In [2]:
import pandas as pd
import numpy as np
from sklearn.preprocessing import MinMaxScaler
import os
import glob
from datetime import datetime

# Smoking

• Per-capita cigarette consumption (in packs). Source: Orzechowski and Walker (2005). These data are based on the total tax
paid on sales of packs of cigarettes in a particular state divided
by its total population.

• Average retail price per pack of cigarettes (in cents). Source:
Orzechowski and Walker (2005). Price figures include state sales
taxes, if applicable.

• Per-capita state personal income (logged). Source: Bureau of the
Census, United States Statistical Abstract. Converted to 1997 dollars using the Consumer Price Index.

• State population and percent of state population aged 15–24.
Source: U.S. Census Bureau.

• Per-capita beer consumption. Source: Beer Institute’s Brewer’s
Almanac.

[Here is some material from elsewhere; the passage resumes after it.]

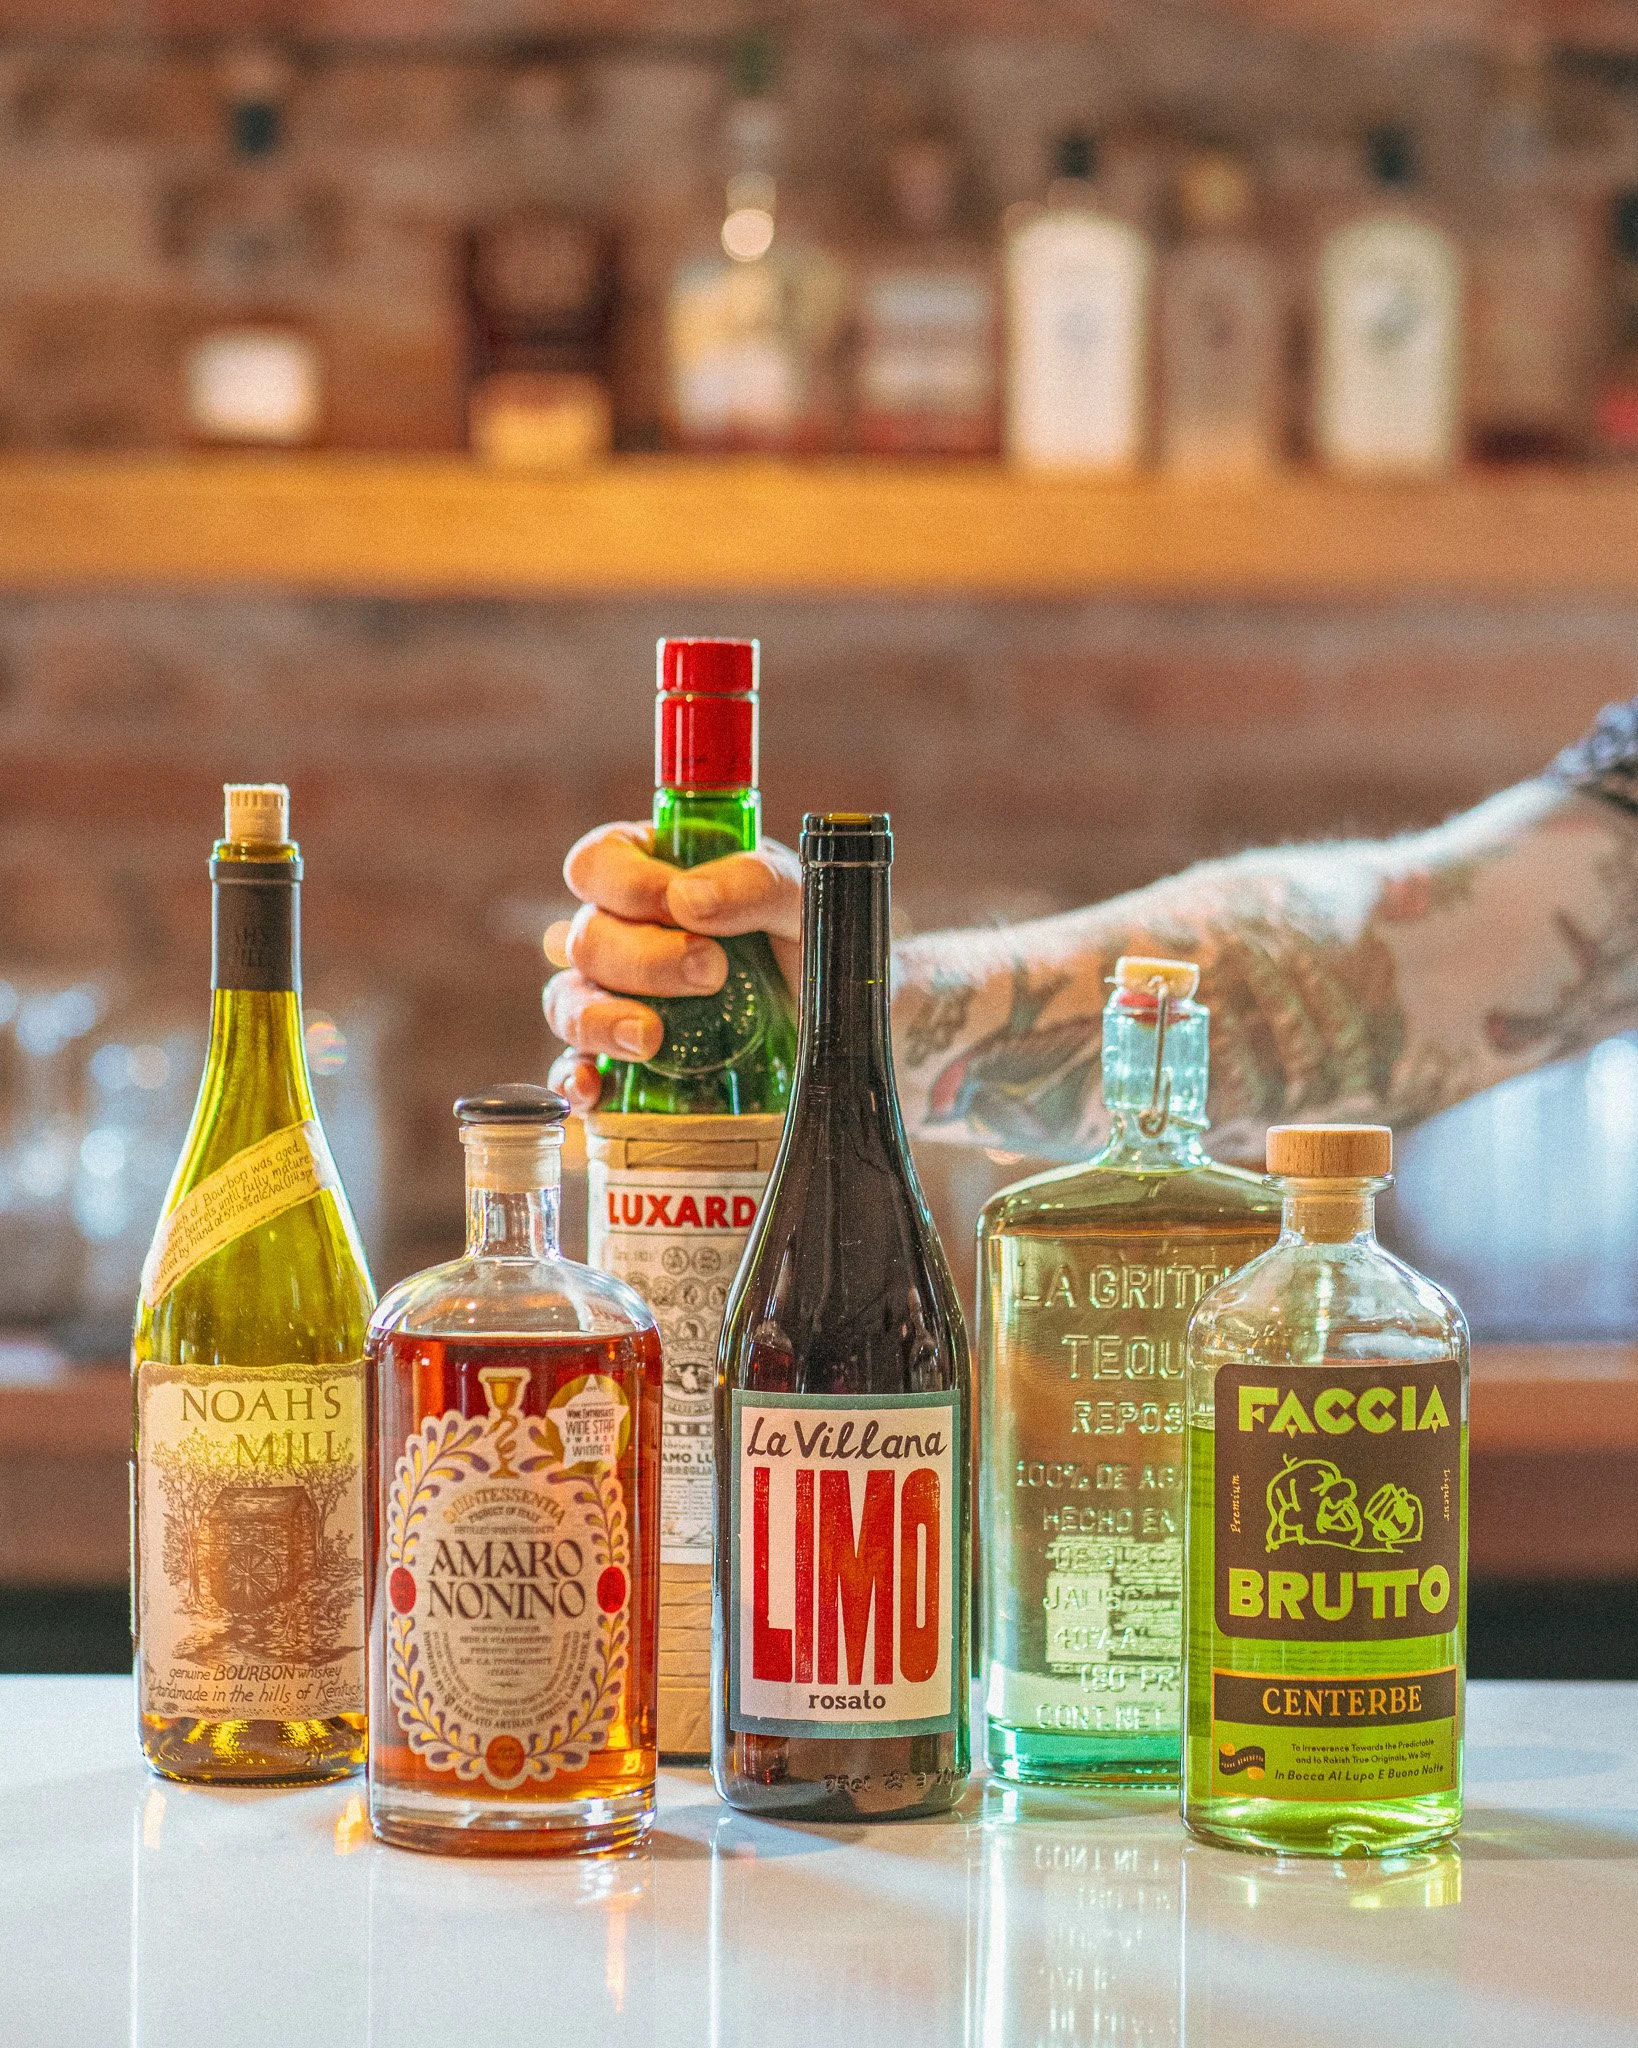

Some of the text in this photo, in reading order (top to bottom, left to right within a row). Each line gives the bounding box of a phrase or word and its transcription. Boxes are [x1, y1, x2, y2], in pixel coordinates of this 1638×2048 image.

Measured as the per capita consumption of malt beverages (in gallons)

In [3]:
url = 'https://raw.githubusercontent.com/OscarEngelbrektson/SyntheticControlMethods/master/examples/datasets/smoking_data.csv'
df = pd.read_csv(url)
# scaler = MinMaxScaler()
# scaler.fit(df.iloc[:, 2:])
# features = scaler.transform(df.iloc[:, 2:])
# df.iloc[:, 2:] = features

In [7]:
states = df.state.unique()
print(states)

['Alabama' 'Arkansas' 'California' 'Colorado' 'Connecticut' 'Delaware'
 'Georgia' 'Idaho' 'Illinois' 'Indiana' 'Iowa' 'Kansas' 'Kentucky'
 'Louisiana' 'Maine' 'Minnesota' 'Mississippi' 'Missouri' 'Montana'
 'Nebraska' 'Nevada' 'New Hampshire' 'New Mexico' 'North Carolina'
 'North Dakota' 'Ohio' 'Oklahoma' 'Pennsylvania' 'Rhode Island'
 'South Carolina' 'South Dakota' 'Tennessee' 'Texas' 'Utah' 'Vermont'
 'Virginia' 'West Virginia' 'Wisconsin' 'Wyoming']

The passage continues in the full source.